**TASK TO CARRY OUT**
Would you please output all the records exactly as given? Pictures should not appear in the copy.

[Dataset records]
════════════════════
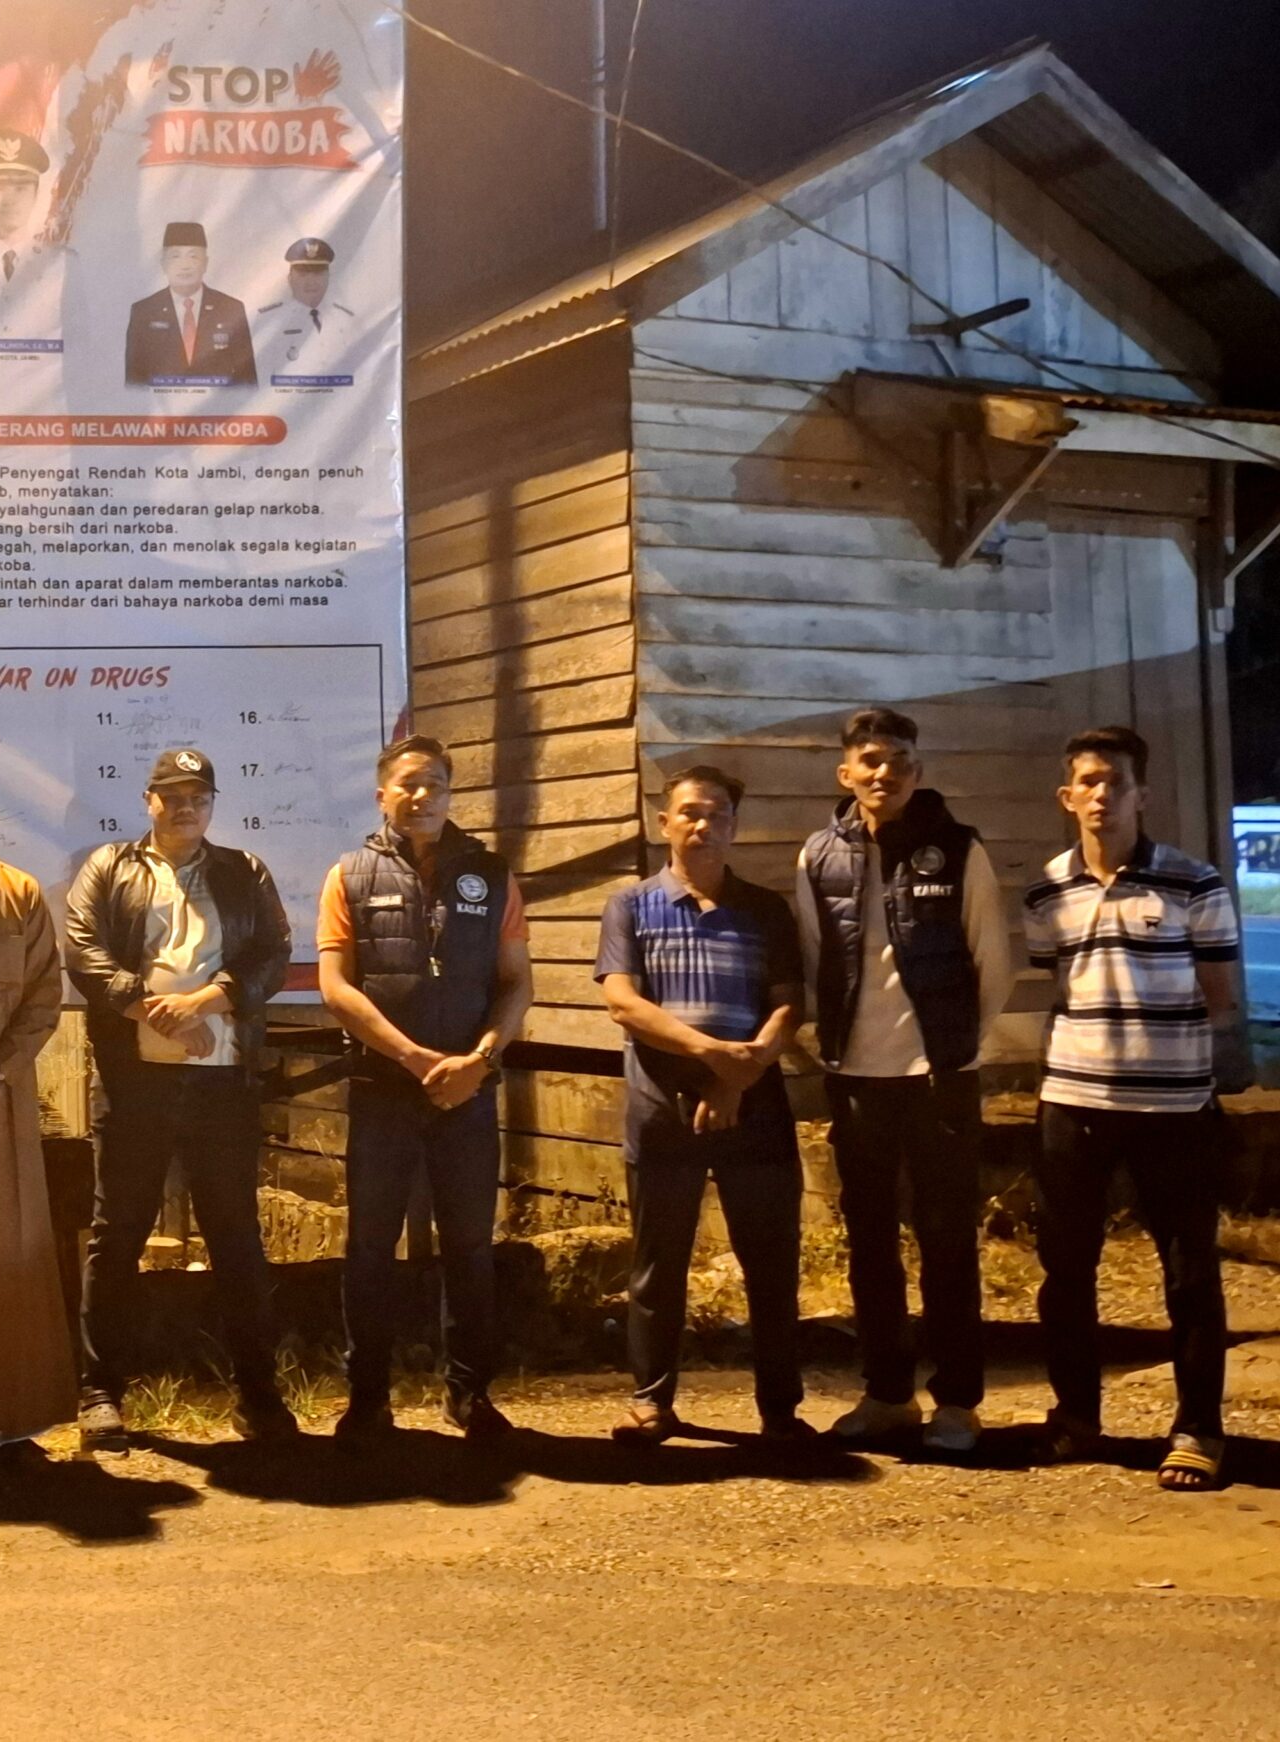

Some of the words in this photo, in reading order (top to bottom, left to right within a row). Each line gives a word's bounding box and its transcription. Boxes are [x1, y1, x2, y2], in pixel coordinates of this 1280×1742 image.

[168, 65, 289, 104] STOP
[164, 118, 329, 156] NARKOBA
[71, 422, 166, 438] MELAWAN
[174, 422, 269, 438] NARKOBA
[0, 466, 79, 482] Penyengat
[89, 467, 146, 479] Rendah
[155, 466, 188, 478] Kota
[197, 466, 246, 480] Jambi,
[255, 466, 309, 481] dengan
[318, 466, 363, 481] penuh
[18, 485, 113, 500] menyatakan:
[100, 504, 127, 516] dan
[133, 503, 209, 519] peredaran
[214, 503, 255, 518] gelap
[260, 503, 324, 515] narkoba.
[29, 522, 74, 534] bersih
[80, 522, 108, 534] dari
[114, 522, 178, 534] narkoba.
[42, 540, 134, 555] melaporkan,
[140, 540, 167, 552] dan
[173, 539, 235, 552] menolak
[241, 539, 289, 555] segala
[295, 539, 356, 554] kegiatan
[42, 578, 69, 589] dan
[75, 578, 123, 592] aparat
[128, 577, 173, 589] dalam
[179, 576, 279, 588] memberantas
[285, 576, 347, 588] narkoba.
[18, 595, 86, 608] terhindar
[91, 595, 118, 607] dari
[124, 595, 178, 610] bahaya
[184, 594, 243, 607] narkoba
[249, 594, 284, 606] demi
[290, 596, 328, 607] masa
[45, 666, 78, 689] ON
[90, 666, 171, 690] DRUGS
[97, 712, 119, 725] 11.
[239, 711, 262, 724] 16.
[98, 765, 121, 779] 12.
[241, 764, 264, 777] 17.
[99, 819, 122, 832] 13.
[243, 817, 266, 830] 18.
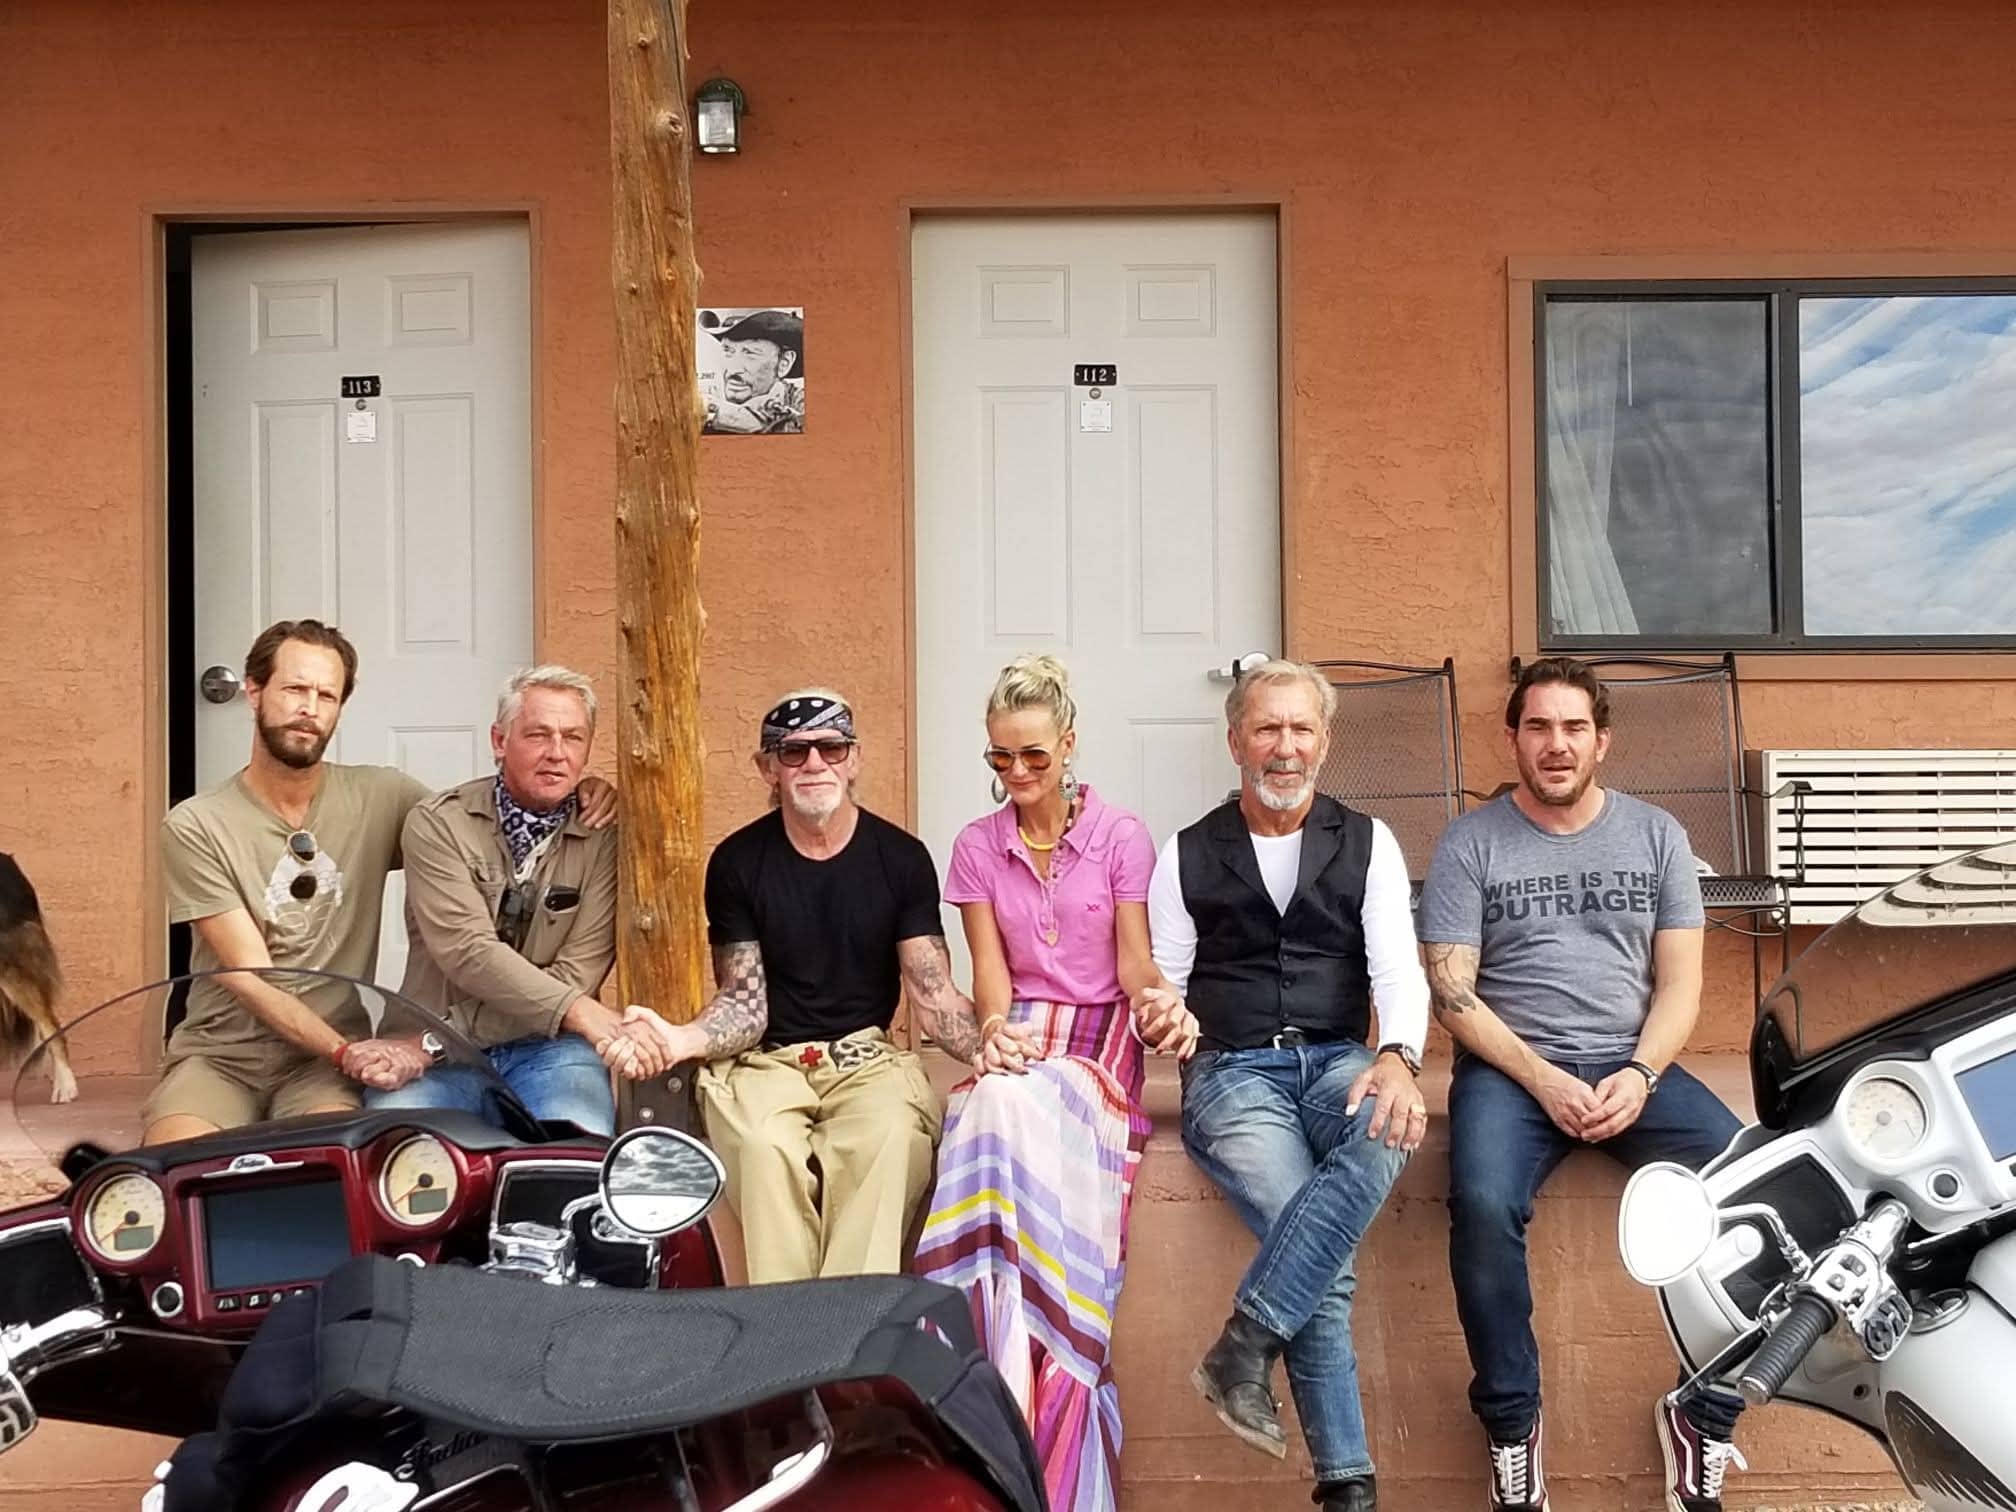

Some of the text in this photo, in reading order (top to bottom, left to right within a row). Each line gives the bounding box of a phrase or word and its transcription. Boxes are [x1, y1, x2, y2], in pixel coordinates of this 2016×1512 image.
════════════════════
**OUTPUT FOR THIS TASK**
Some of the words in this photo, in reading order (top to bottom, left to right within a row). Each line gives a word's bounding box and its transcription. Boxes are [x1, y1, x2, y2], in pixel coordinates of this 1280×1742 image.

[168, 65, 289, 104] STOP
[164, 118, 329, 156] NARKOBA
[71, 422, 166, 438] MELAWAN
[174, 422, 269, 438] NARKOBA
[0, 466, 79, 482] Penyengat
[89, 467, 146, 479] Rendah
[155, 466, 188, 478] Kota
[197, 466, 246, 480] Jambi,
[255, 466, 309, 481] dengan
[318, 466, 363, 481] penuh
[18, 485, 113, 500] menyatakan:
[100, 504, 127, 516] dan
[133, 503, 209, 519] peredaran
[214, 503, 255, 518] gelap
[260, 503, 324, 515] narkoba.
[29, 522, 74, 534] bersih
[80, 522, 108, 534] dari
[114, 522, 178, 534] narkoba.
[42, 540, 134, 555] melaporkan,
[140, 540, 167, 552] dan
[173, 539, 235, 552] menolak
[241, 539, 289, 555] segala
[295, 539, 356, 554] kegiatan
[42, 578, 69, 589] dan
[75, 578, 123, 592] aparat
[128, 577, 173, 589] dalam
[179, 576, 279, 588] memberantas
[285, 576, 347, 588] narkoba.
[18, 595, 86, 608] terhindar
[91, 595, 118, 607] dari
[124, 595, 178, 610] bahaya
[184, 594, 243, 607] narkoba
[249, 594, 284, 606] demi
[290, 596, 328, 607] masa
[45, 666, 78, 689] ON
[90, 666, 171, 690] DRUGS
[97, 712, 119, 725] 11.
[239, 711, 262, 724] 16.
[98, 765, 121, 779] 12.
[241, 764, 264, 777] 17.
[99, 819, 122, 832] 13.
[243, 817, 266, 830] 18.

Some of the text in this photo, in reading order (top to bottom, left to right within a row). Each line gives the bounding box of a phrase or word and its transcription. Boxes are [x1, y1, x2, y2], in pixel coordinates of this 2016×1512 image.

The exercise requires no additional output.